If you’ve tried this Vegetarian Tikka Masala recipe or any other recipe on BalancingBowls, please let me know how it turned out in the comments below! You can also follow me on Facebook, Instagram, and Pinterest to see more tasty meals and anything else I’m up to.
Recipe
Vegetarian Tikka Masala
Ingredients
- 3-5 tablespoons olive oil for cooking
- 1 onion chopped
- 6 cloves garlic chopped
- 6-8 carrots chopped
- 2 tablespoons grated ginger
- 1 bell pepper chopped
- 1 head cauliflower chopped
- 3 teaspoons garam masala spice
- 3 teaspoons turmeric
- 3 teaspoons chili powder
- 2 teaspoon salt
- 1 6 oz can tomato paste (170 g)
- 2 28 oz cans diced tomatoes (800 g each)
- 2 cups vegetable stock 480 ml
- 1 15.5 oz can coconut milk (460 ml)
- 2 15.5 oz cans of chickpeas, drained and rinsed (440 g each)
- 2 tablespoons butter optional
Instructions
- Drizzle 1-2 teaspoons of olive oil in the bottom of a Dutch oven and set it over medium-low heat.
- Add the chopped onion and cook for 5-10 minutes, stirring occasionally until softened.

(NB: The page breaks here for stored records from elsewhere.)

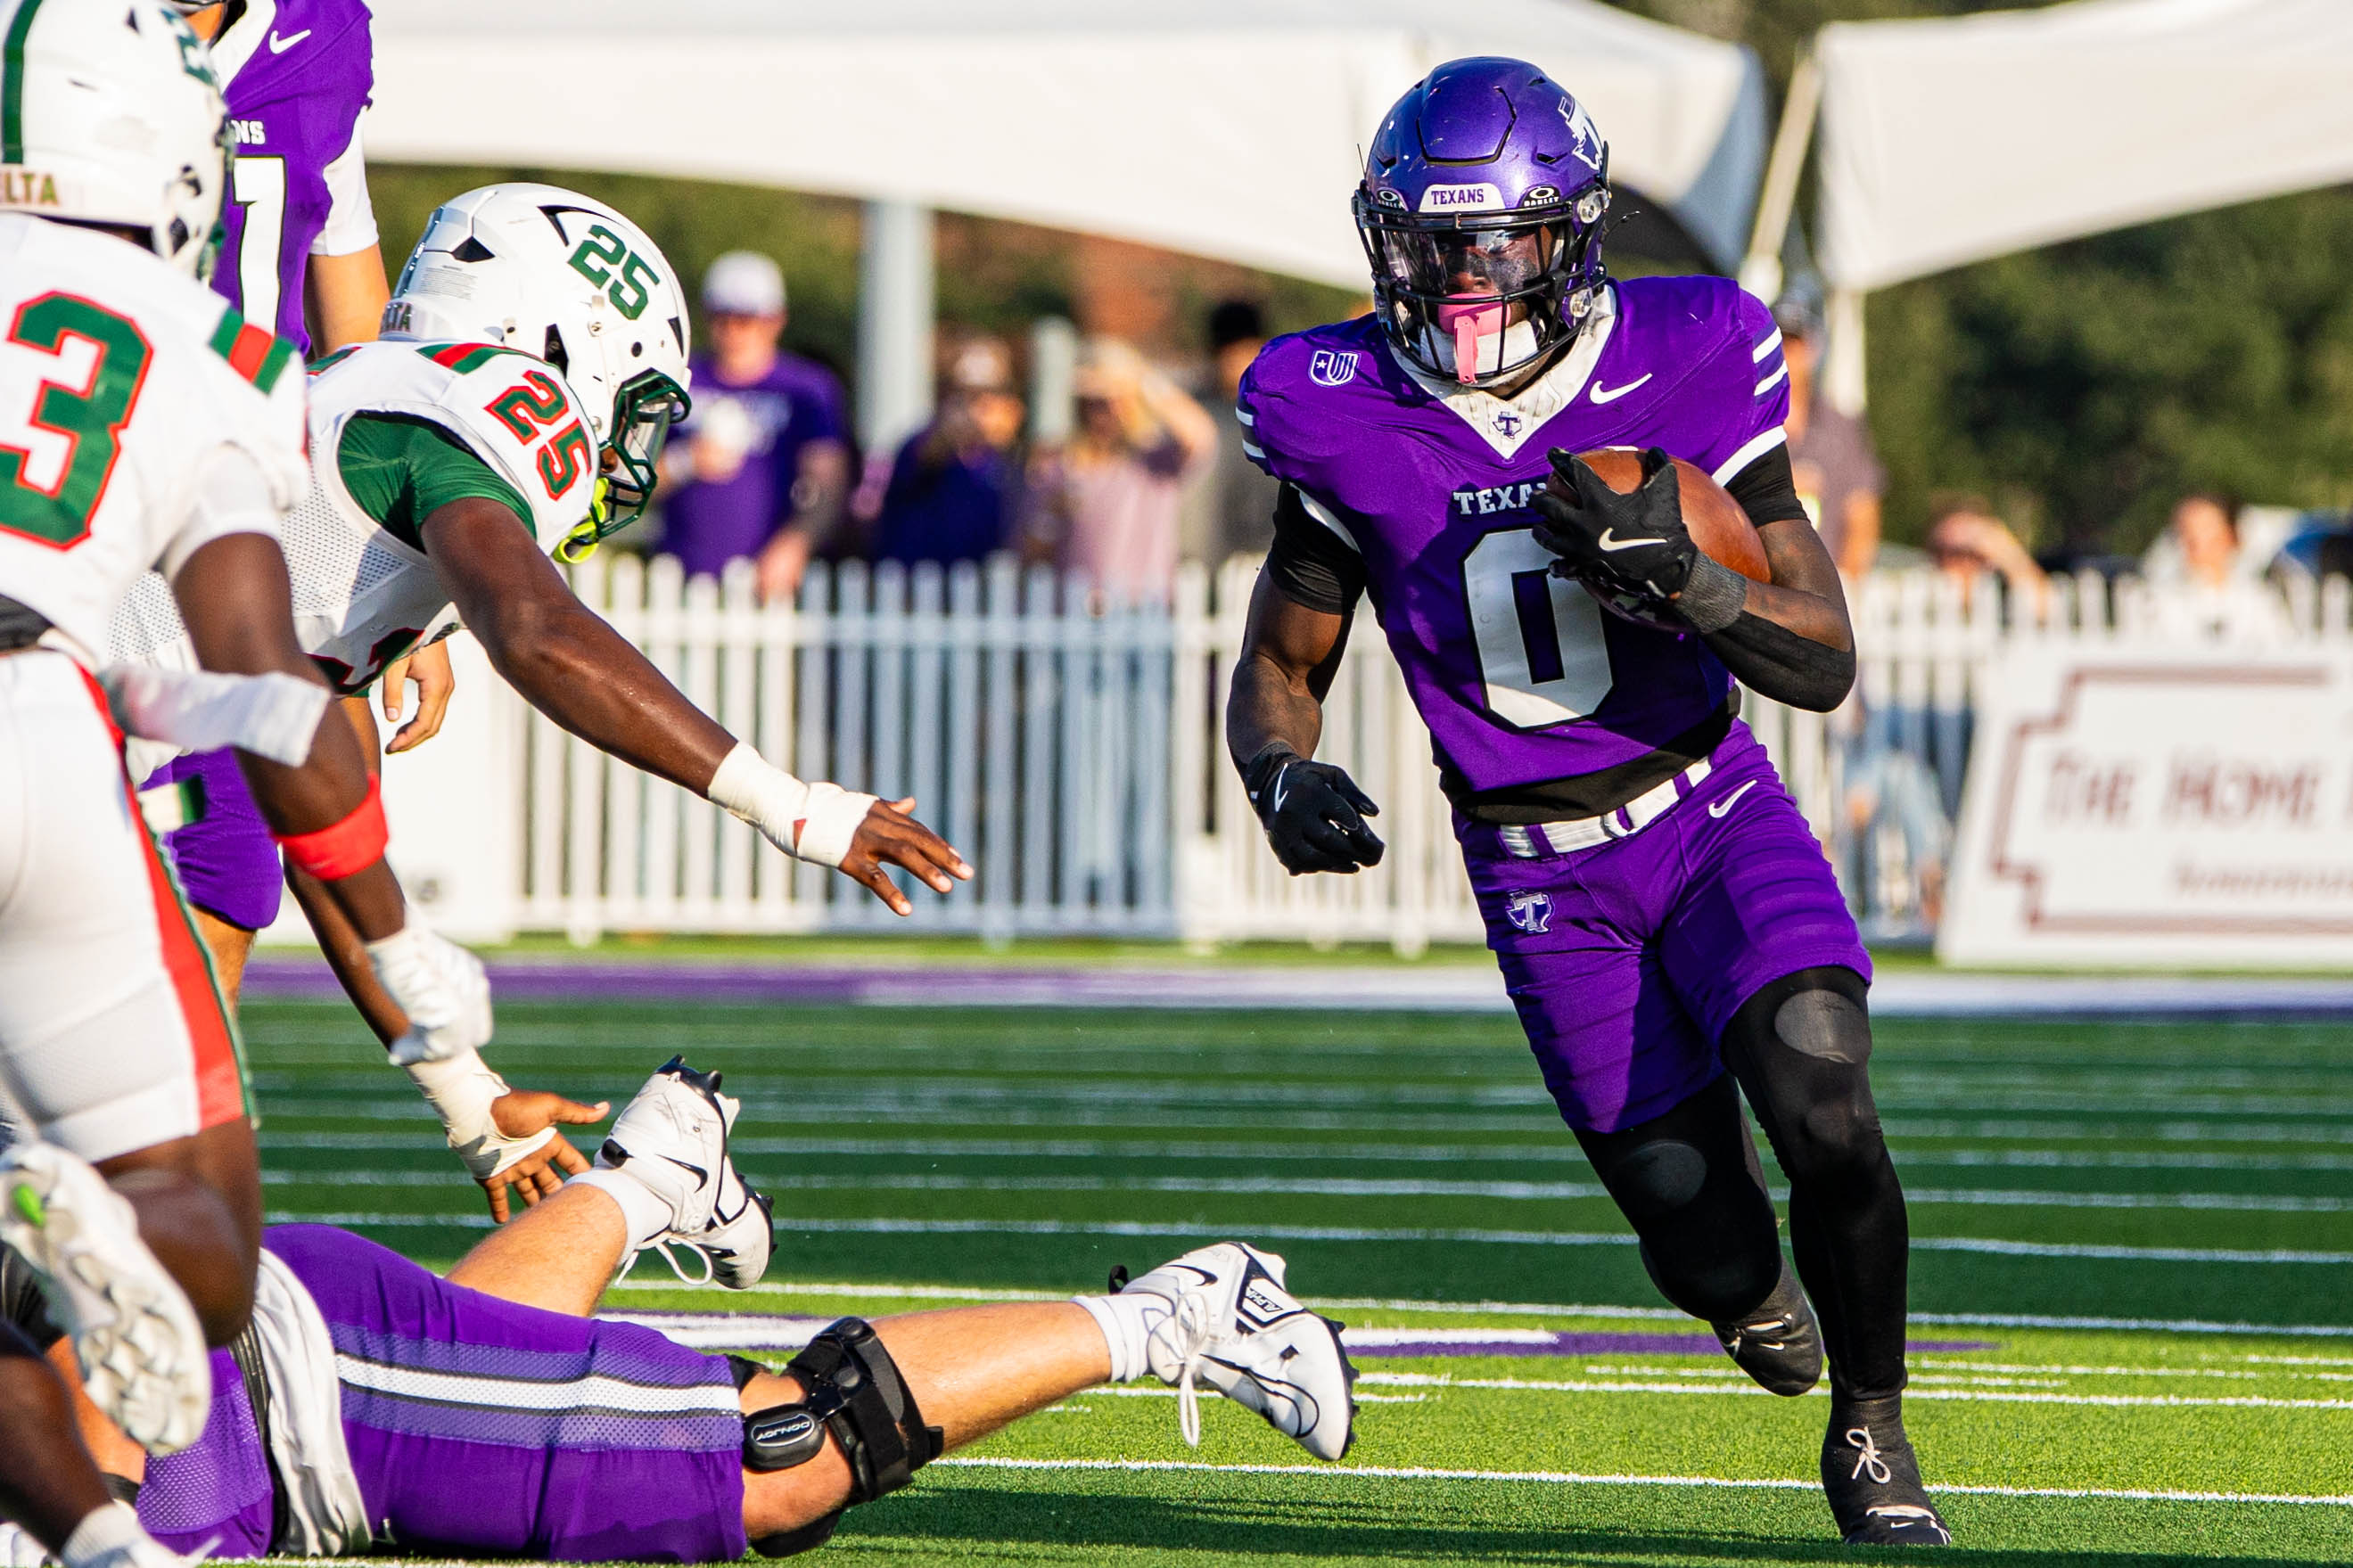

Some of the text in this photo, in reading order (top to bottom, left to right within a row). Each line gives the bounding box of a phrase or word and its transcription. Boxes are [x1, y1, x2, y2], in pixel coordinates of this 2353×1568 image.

[230, 119, 266, 144] NS
[0, 172, 59, 206] LTA
[1431, 188, 1485, 205] TEXANS
[567, 224, 661, 321] 25
[0, 290, 154, 553] 3
[483, 369, 593, 502] 25
[1452, 482, 1547, 514] TEXA
[1460, 527, 1614, 730] 0

- Lower the heat to medium-low and add the chopped garlic and carrots. Cook for 5-7 minutes, stirring relatively frequently.
- Add 1 (6 oz) can of tomato paste and stir for 2 minutes, ensuring it fully coats the garlic, onions, and carrots.

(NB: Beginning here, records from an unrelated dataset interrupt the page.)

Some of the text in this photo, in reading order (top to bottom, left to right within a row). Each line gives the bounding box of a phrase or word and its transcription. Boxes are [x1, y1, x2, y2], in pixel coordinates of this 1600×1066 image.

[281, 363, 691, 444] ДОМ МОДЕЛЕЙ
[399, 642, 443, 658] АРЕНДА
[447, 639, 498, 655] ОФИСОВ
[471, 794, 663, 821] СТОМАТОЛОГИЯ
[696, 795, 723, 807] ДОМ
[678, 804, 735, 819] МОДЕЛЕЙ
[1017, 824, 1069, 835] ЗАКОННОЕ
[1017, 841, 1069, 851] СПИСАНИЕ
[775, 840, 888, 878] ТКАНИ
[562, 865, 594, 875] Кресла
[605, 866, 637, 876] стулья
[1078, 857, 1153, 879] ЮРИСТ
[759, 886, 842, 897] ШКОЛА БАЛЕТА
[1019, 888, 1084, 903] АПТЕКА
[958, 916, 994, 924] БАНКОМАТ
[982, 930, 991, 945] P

- Add 2 tablespoons grated ginger, 3 teaspoons garam masala, 3 teaspoons turmeric, and 3 teaspoons chili powder. Stir for 2 minutes to evenly coat the vegetables.
- Add 2 cups vegetable stock, 1 (15.5 oz) can coconut milk, the chopped bell pepper, 2 (28 oz) cans diced tomatoes, 2 (15.5 oz) cans chickpeas, and the chopped cauliflower. Gently mix to combine.
- Cover the pot and bring to an active simmer. Let it cook for about 60 minutes, allowing the flavors to meld together.
- Optional: Stir in 2 tablespoons of butter for added richness before serving.